## Material to process
::::

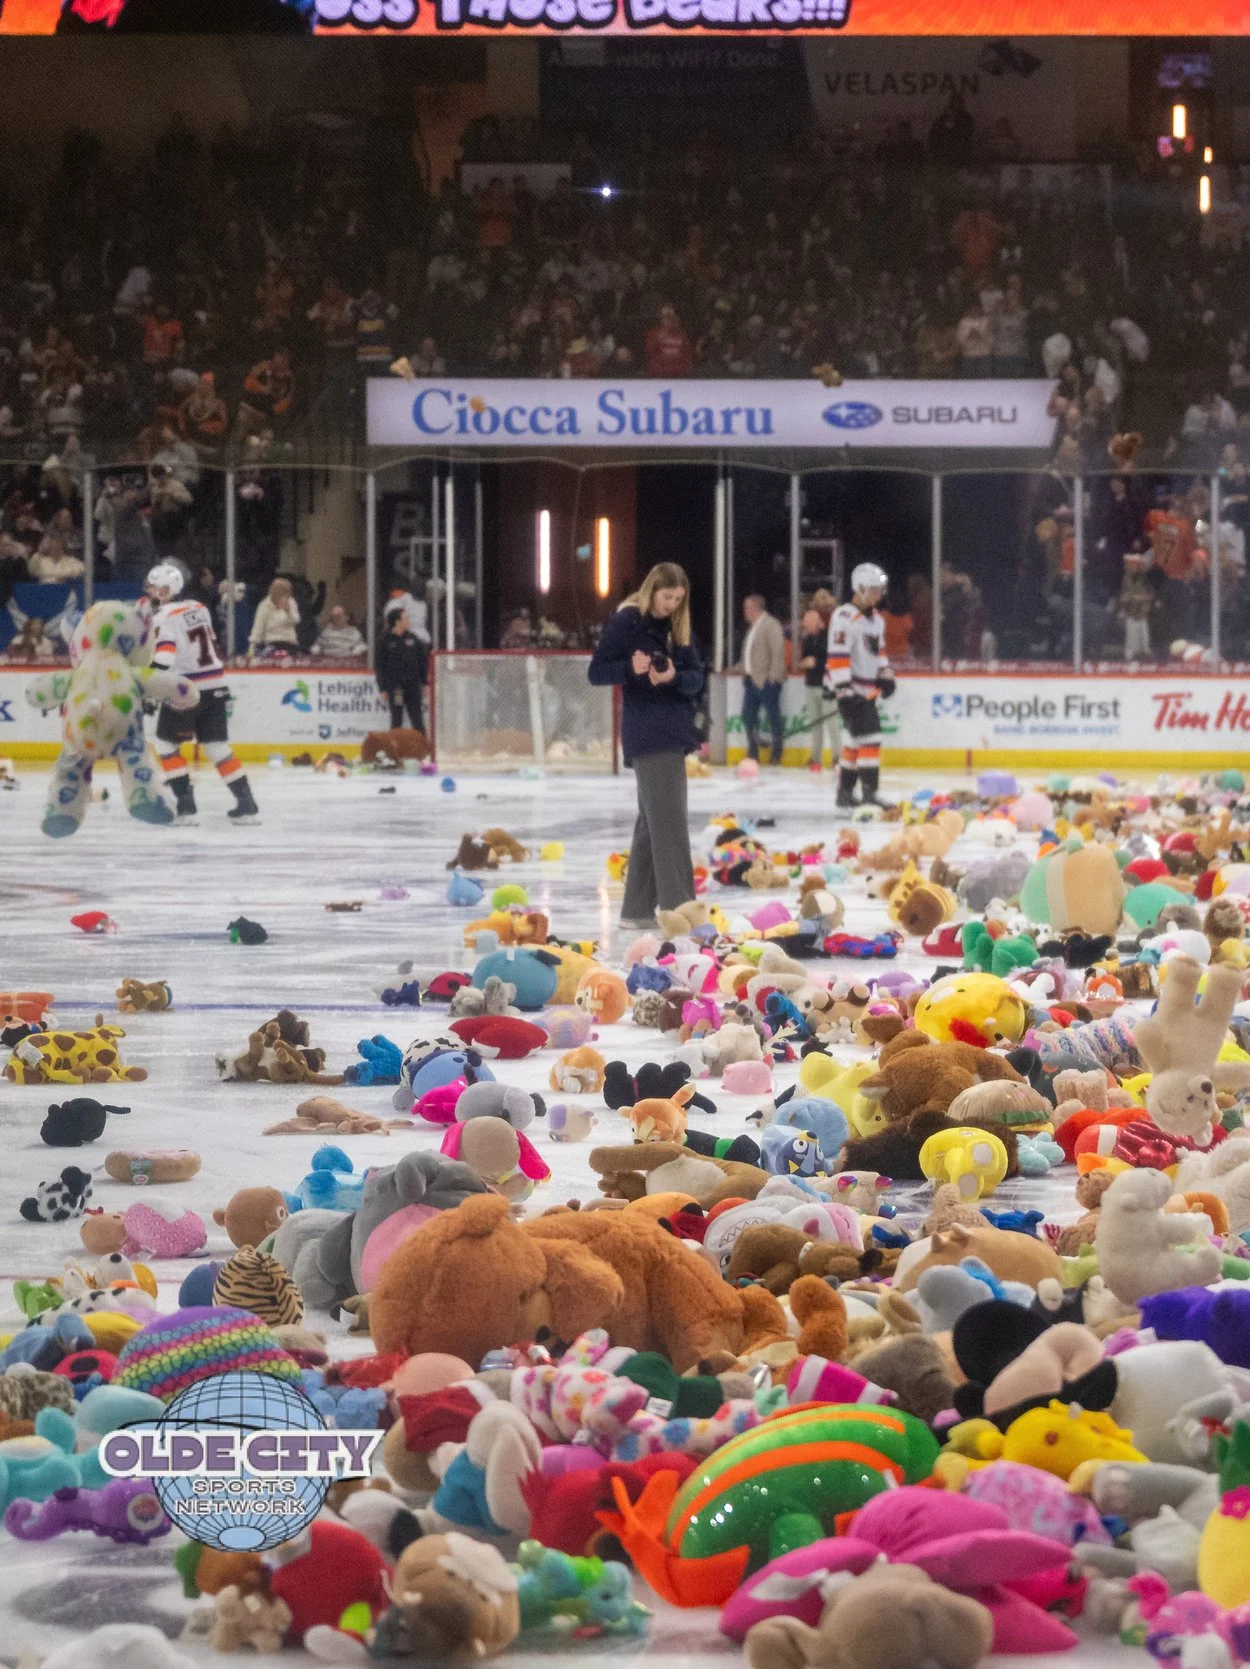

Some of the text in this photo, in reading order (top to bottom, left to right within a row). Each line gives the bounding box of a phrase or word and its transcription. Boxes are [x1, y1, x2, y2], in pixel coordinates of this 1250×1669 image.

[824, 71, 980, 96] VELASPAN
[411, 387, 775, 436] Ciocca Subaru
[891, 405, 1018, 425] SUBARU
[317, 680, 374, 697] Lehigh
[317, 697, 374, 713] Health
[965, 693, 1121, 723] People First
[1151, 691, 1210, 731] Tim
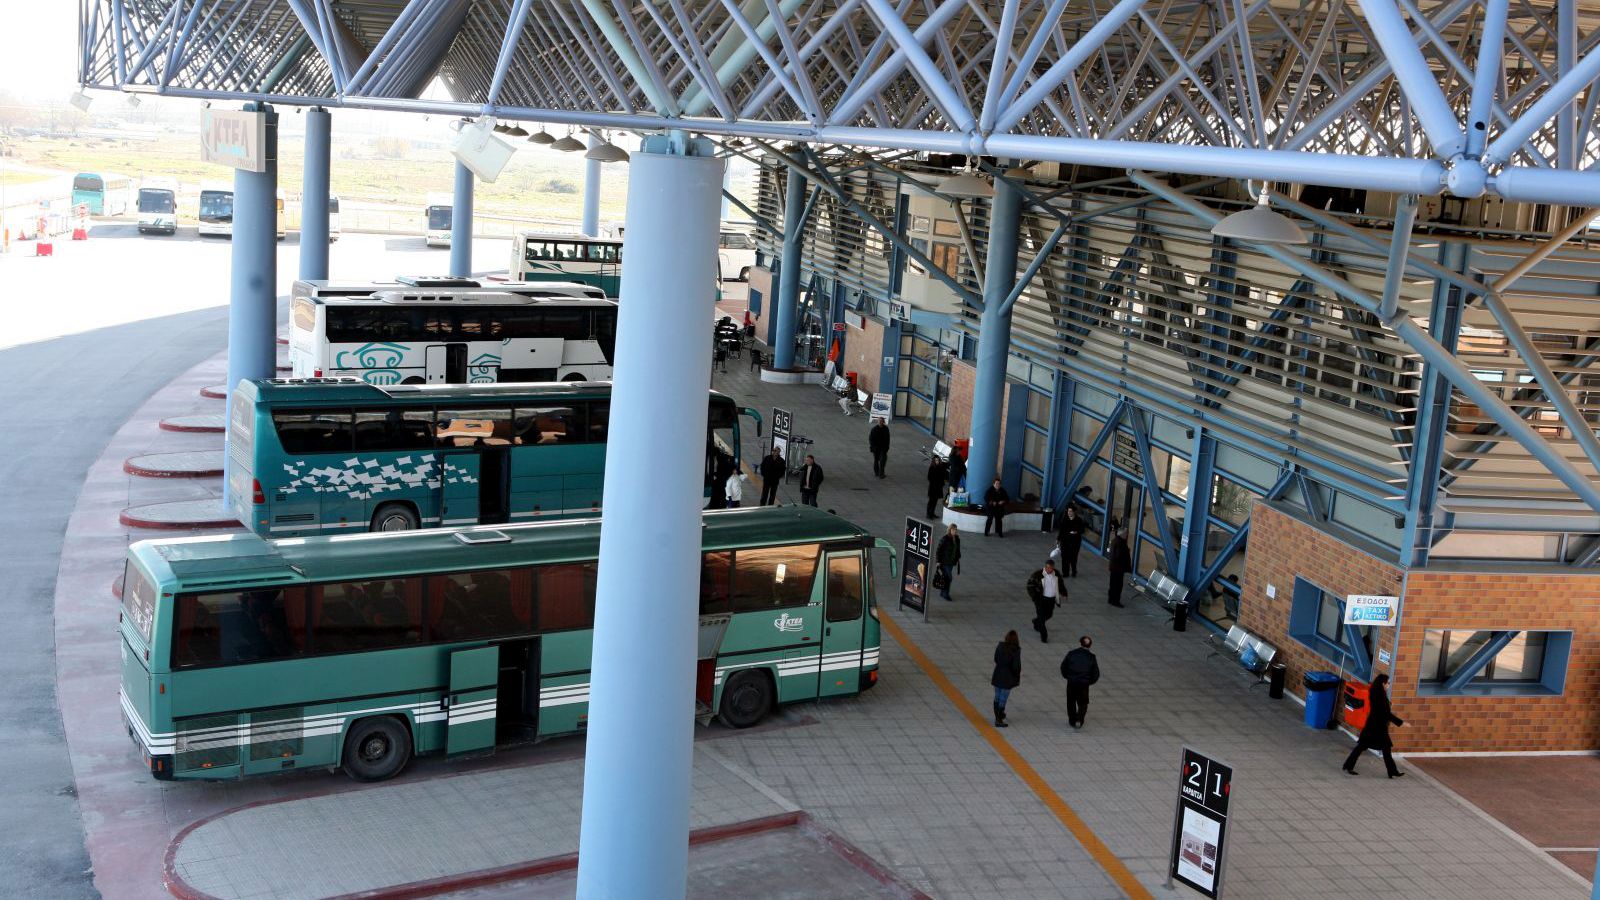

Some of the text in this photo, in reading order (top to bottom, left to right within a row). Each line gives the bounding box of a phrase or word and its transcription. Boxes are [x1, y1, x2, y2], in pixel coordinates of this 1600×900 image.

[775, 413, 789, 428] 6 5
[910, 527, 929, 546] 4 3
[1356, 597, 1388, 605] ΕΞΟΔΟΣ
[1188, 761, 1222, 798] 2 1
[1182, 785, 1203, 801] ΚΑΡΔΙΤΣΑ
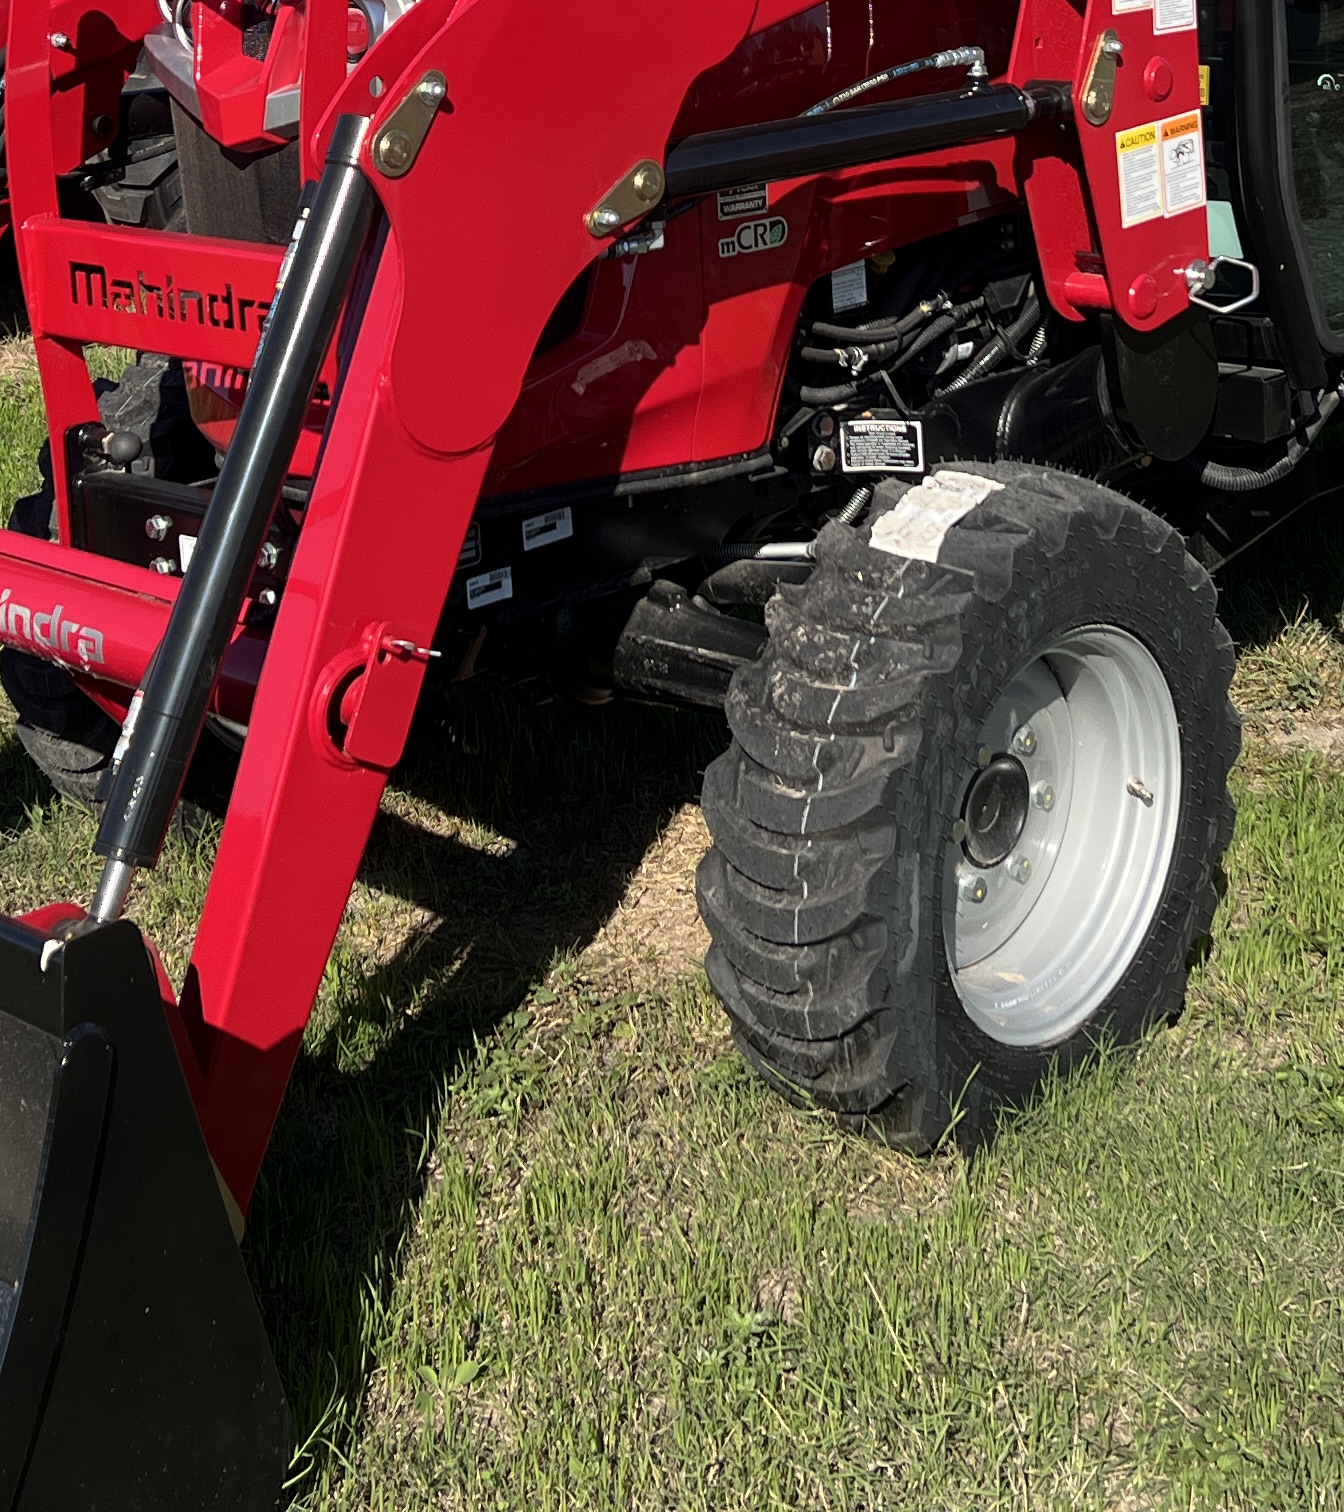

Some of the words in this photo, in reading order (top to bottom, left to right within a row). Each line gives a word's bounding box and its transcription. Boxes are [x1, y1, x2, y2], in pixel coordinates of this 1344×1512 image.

::::

## What to work on
The copy starts at the line holding "this 1600×900 image." and ends at the last line of the records above. Transcribe those lines exactly, pictures excluded.

## Response
Some of the text in this photo, in reading order (top to bottom, left to right within a row). Each line gives the bounding box of a phrase or word and its transcription. Boxes are [x1, y1, x2, y2], in pixel coordinates of this 1600×900 image.

[775, 413, 789, 428] 6 5
[910, 527, 929, 546] 4 3
[1356, 597, 1388, 605] ΕΞΟΔΟΣ
[1188, 761, 1222, 798] 2 1
[1182, 785, 1203, 801] ΚΑΡΔΙΤΣΑ

Some of the words in this photo, in reading order (top to bottom, left to right within a row). Each line gives a word's bounding box and its transcription. Boxes are [x1, y1, x2, y2], in pixel coordinates of this 1344×1512 image.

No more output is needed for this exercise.